**** MATERIAL FOR THIS EXERCISE ****

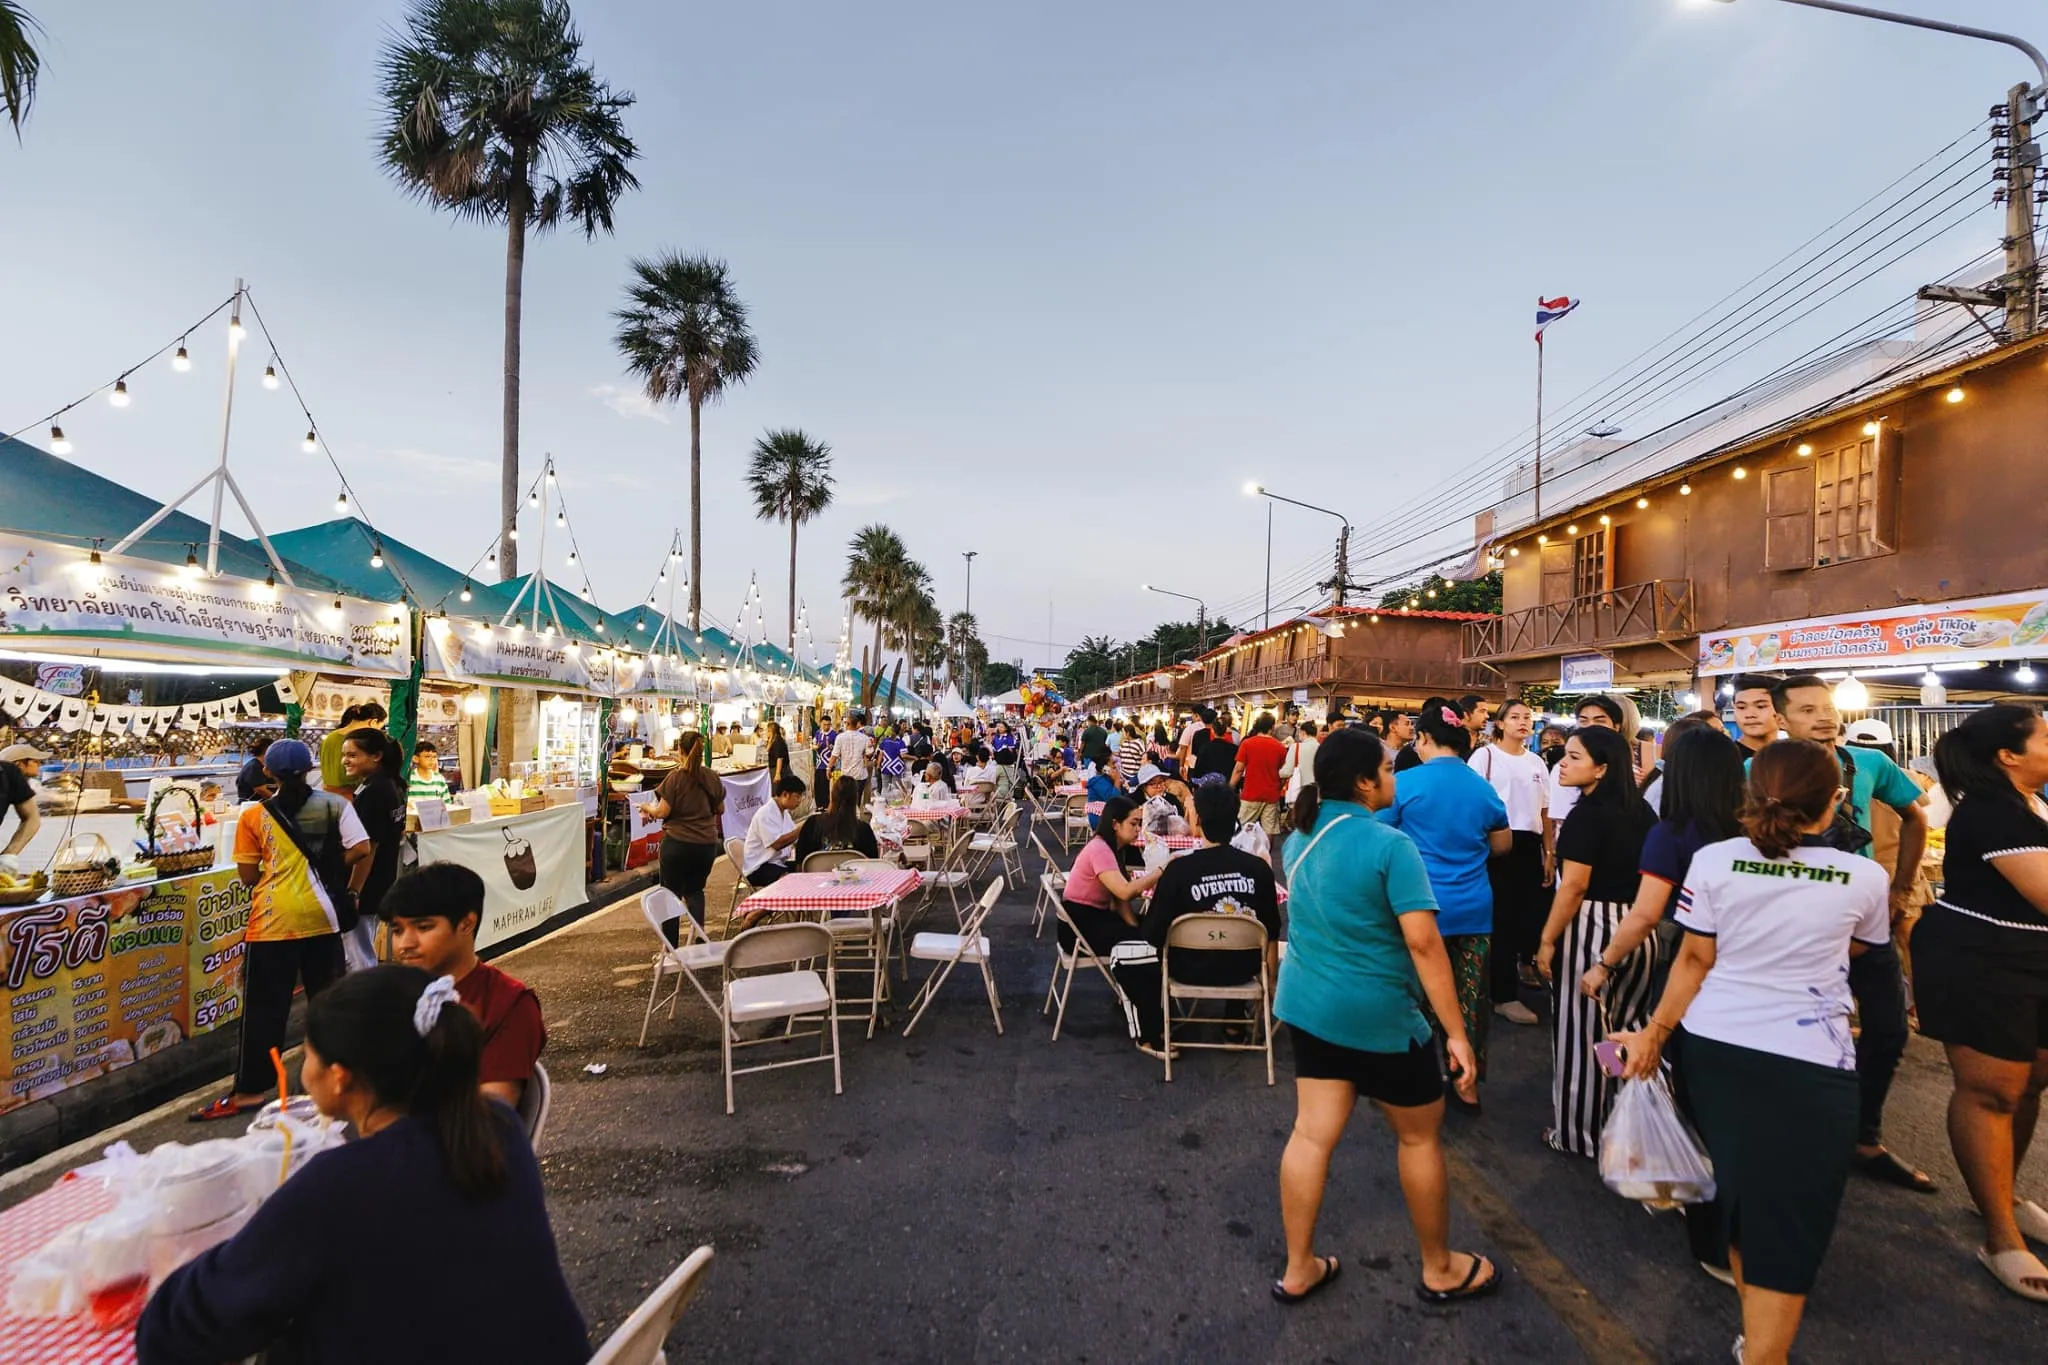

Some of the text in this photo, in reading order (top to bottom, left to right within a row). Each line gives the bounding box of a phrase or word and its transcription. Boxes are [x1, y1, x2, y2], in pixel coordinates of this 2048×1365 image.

[1940, 619, 1977, 632] TikTok
[496, 641, 566, 664] MAPHRAW CAFE
[1904, 639, 1911, 648] 1
[41, 665, 82, 687] Food
[1731, 860, 1851, 885] กรมเจ้าท่า
[198, 881, 252, 917] ข้าวโพ
[156, 905, 184, 921] อร่อย
[493, 895, 553, 933] MAPHRAW CAFE
[8, 905, 111, 988] โรตี
[111, 925, 183, 954] หอมเนย
[203, 954, 222, 973] 25
[223, 942, 246, 962] บาท
[84, 974, 104, 985] บาท
[87, 989, 107, 1001] บาท
[74, 1010, 87, 1023] 30
[89, 1004, 108, 1017] บาท
[197, 1005, 218, 1026] 59
[218, 996, 238, 1017] บาท
[75, 1027, 88, 1040] 30
[89, 1020, 109, 1033] บาท
[75, 1044, 88, 1056] 25
[90, 1036, 109, 1049] บาท
[75, 1060, 89, 1073] 30
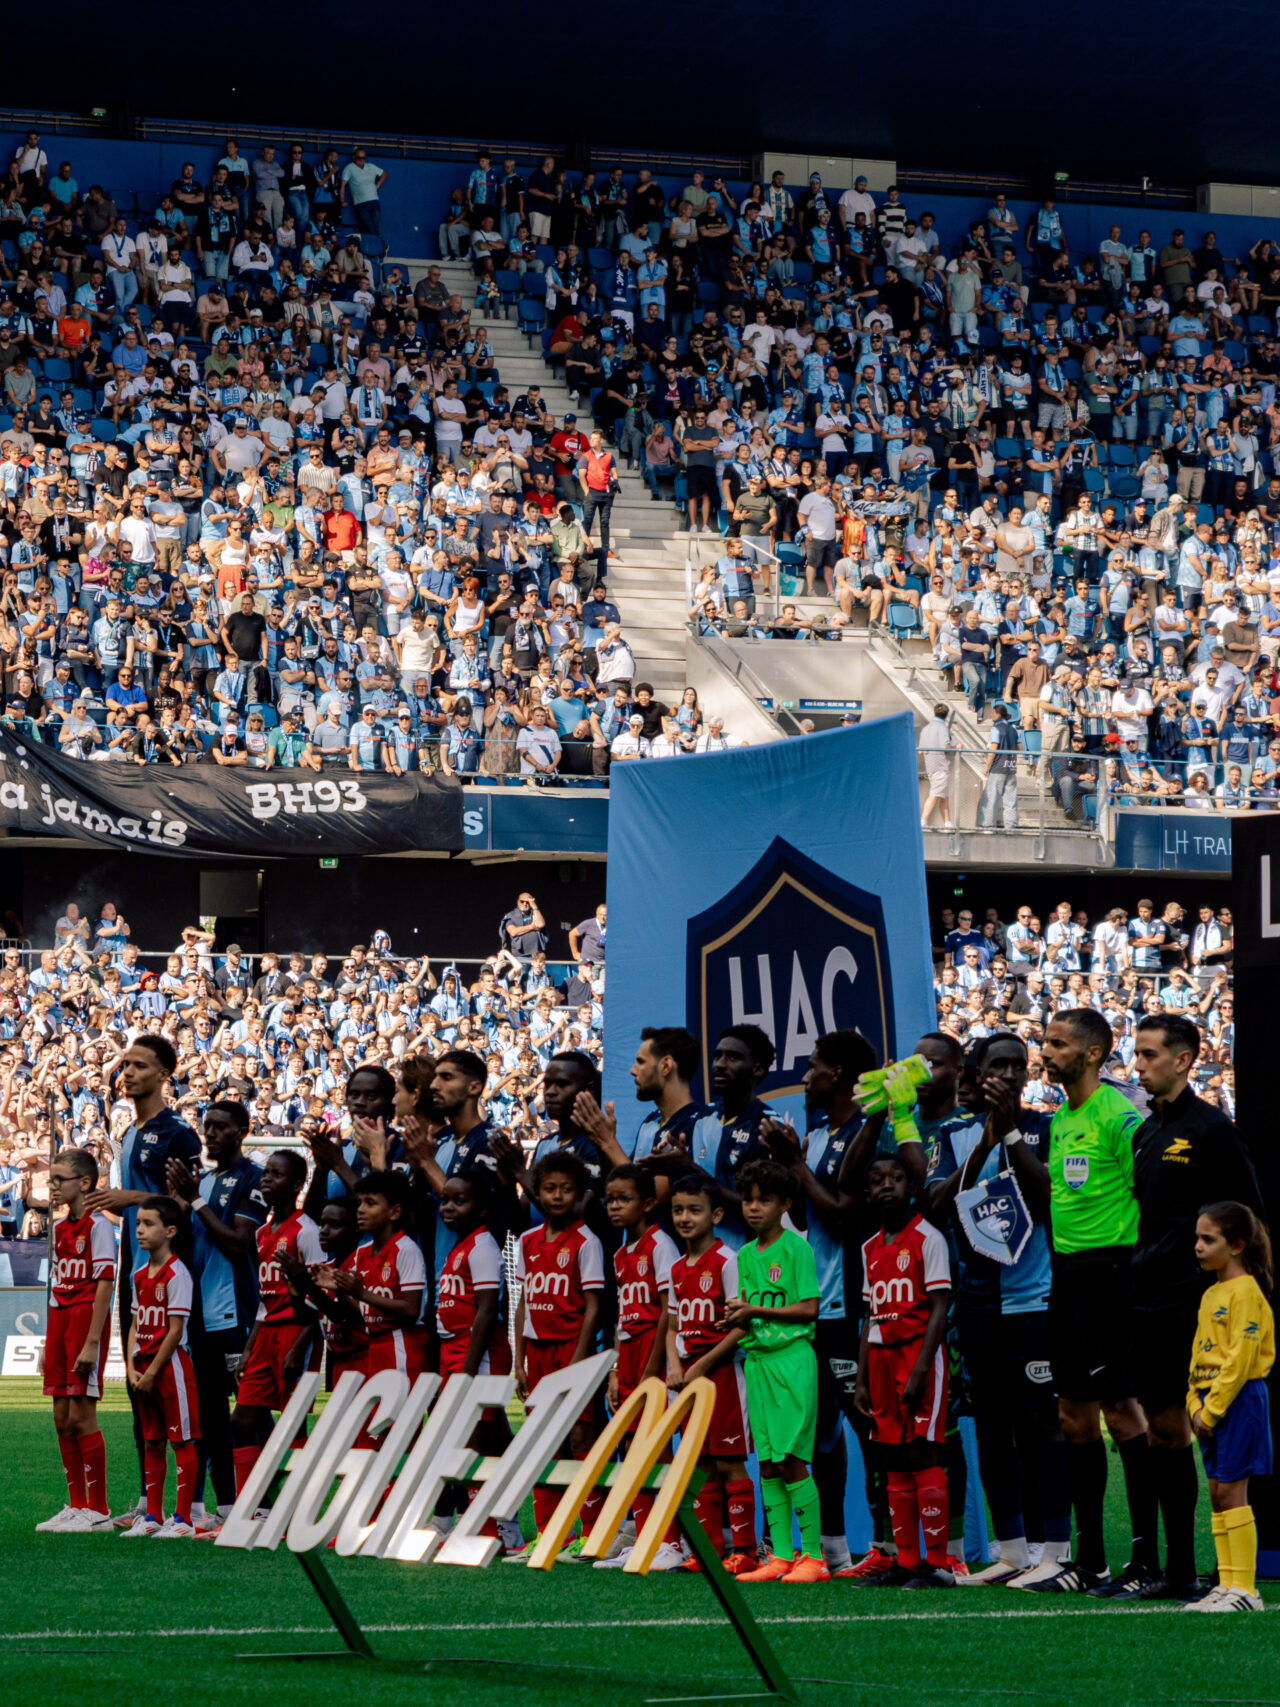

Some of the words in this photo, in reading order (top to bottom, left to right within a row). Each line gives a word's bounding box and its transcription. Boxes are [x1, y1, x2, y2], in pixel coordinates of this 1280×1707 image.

****

_INSTRUCTIONS TO FOLLOW_
Only the text of the records belongs in your answer, repeated exactly; the pictures stay out.

_REPLY_
Some of the text in this photo, in reading order (top to bottom, left to right within a row). Each line gives the bounding box of a phrase or word and its transcription. Boxes are [x1, y1, x2, y2], in pixel coordinates of this 2048×1365 image.

[1940, 619, 1977, 632] TikTok
[496, 641, 566, 664] MAPHRAW CAFE
[1904, 639, 1911, 648] 1
[41, 665, 82, 687] Food
[1731, 860, 1851, 885] กรมเจ้าท่า
[198, 881, 252, 917] ข้าวโพ
[156, 905, 184, 921] อร่อย
[493, 895, 553, 933] MAPHRAW CAFE
[8, 905, 111, 988] โรตี
[111, 925, 183, 954] หอมเนย
[203, 954, 222, 973] 25
[223, 942, 246, 962] บาท
[84, 974, 104, 985] บาท
[87, 989, 107, 1001] บาท
[74, 1010, 87, 1023] 30
[89, 1004, 108, 1017] บาท
[197, 1005, 218, 1026] 59
[218, 996, 238, 1017] บาท
[75, 1027, 88, 1040] 30
[89, 1020, 109, 1033] บาท
[75, 1044, 88, 1056] 25
[90, 1036, 109, 1049] บาท
[75, 1060, 89, 1073] 30

Some of the words in this photo, in reading order (top to bottom, left to right within a row). Each line gives a word's bounding box and its transcription. Boxes are [x1, y1, x2, y2], in pixel coordinates of this 1280×1707 image.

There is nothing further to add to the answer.